Histopathological and immunocytochemical studies of Trypanosoma musculi infection of mice

Abstract

Mice infected with Trypanosoma musculi developed hyperplasia of the spleen, lymph nodes, and liver; in contrast, their thymuses displayed transient involution. All organs returned to normal in a month or less. There was modest anemia lasting until the parasites were cleared from the bloodstream, followed by a rapid influx of erythrocytes into the blood and a subsequent return to normal erythrocyte numbers. During the first 2 weeks, trypanosomes and trypanosome-derived substances were found in the livers and, in moderate amounts, in the red pulp of the spleens; thereafter, trypanosomes and trypanosome-derived substances gradually decreased in these organs.
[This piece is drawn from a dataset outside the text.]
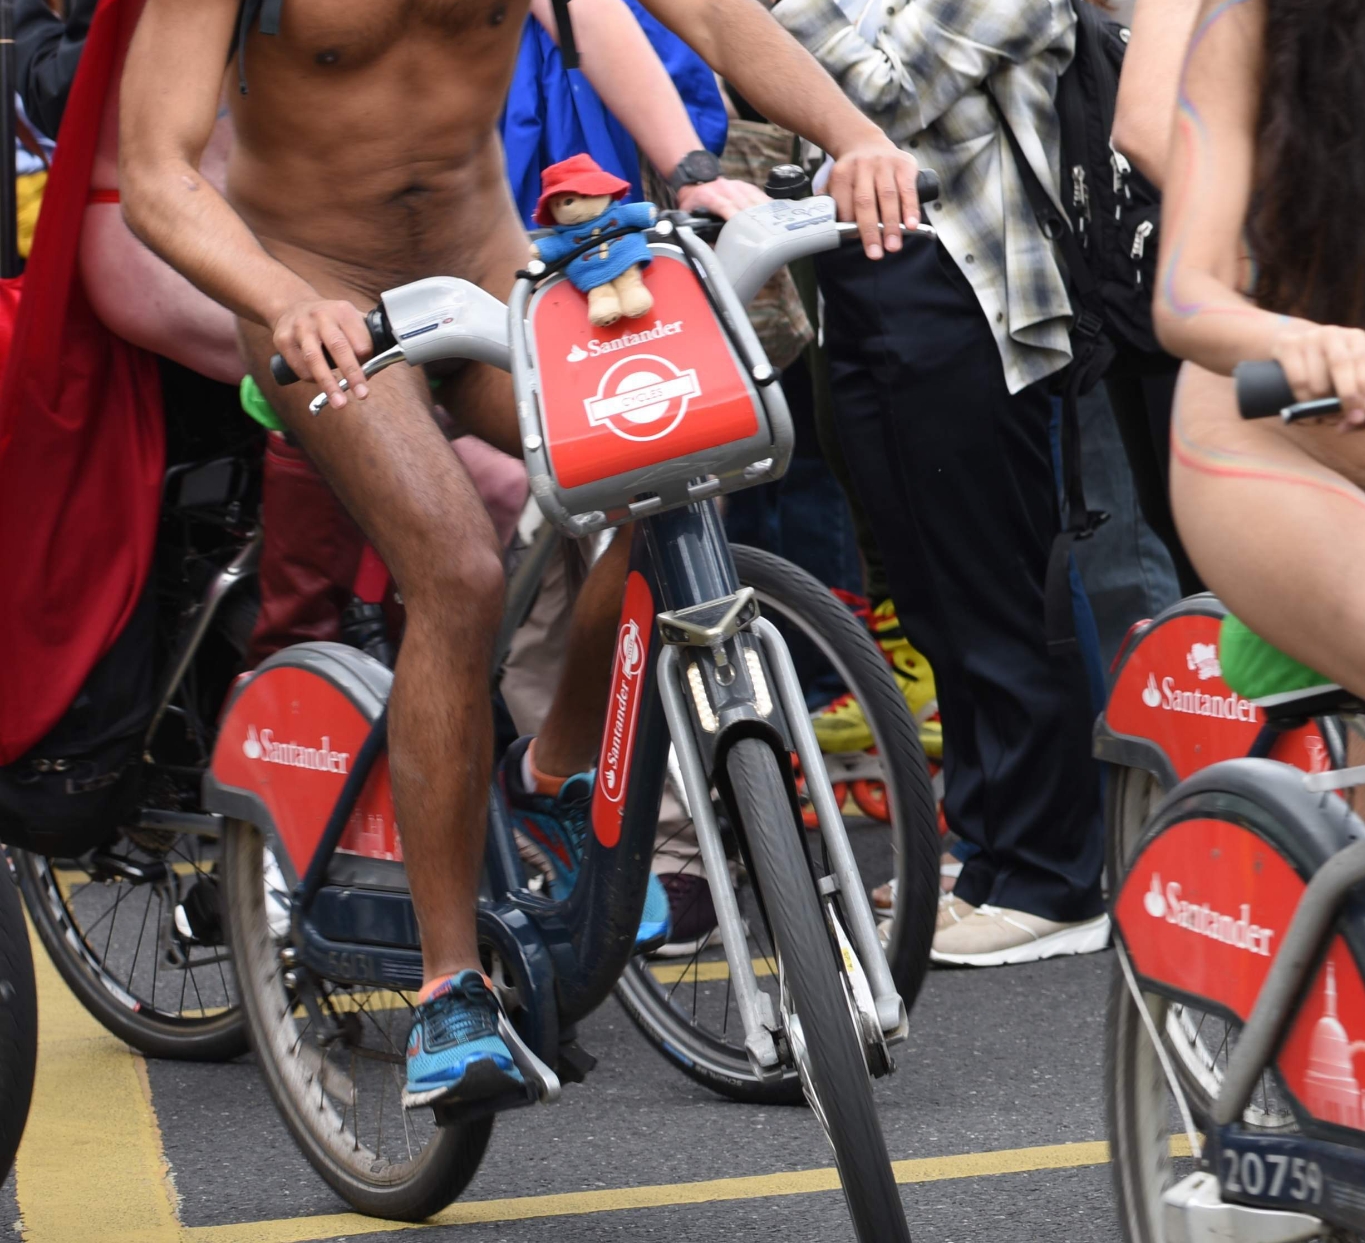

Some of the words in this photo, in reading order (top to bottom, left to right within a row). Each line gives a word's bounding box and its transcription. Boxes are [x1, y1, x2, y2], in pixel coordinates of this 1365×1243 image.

The lymphoreticular hyperplasia involved a large increase of immunoglobulin G (IgG)-containing cells in the spleens and lymph nodes at 2 weeks of infection. Hyperplasia of immunoglobulin-producing cells correlated with elevation of serum immunoglobulins, especially IgG. Cells producing IgG in the spleens proliferated mainly around the central arterioles of the white pulp, i.e., in the T-cell-dependent areas. The decline of trypanosome-derived substances in the livers and spleens was associated with marked hyperplasia of IgG-containing cells in the spleens and lymph nodes. These results suggest that trypanosome-mediated depression of murine immune responses is attributable to proliferation and terminal differentiation of more-mature lymphoid cells and temporary inhibition of normal maturation of less-mature precursor cells.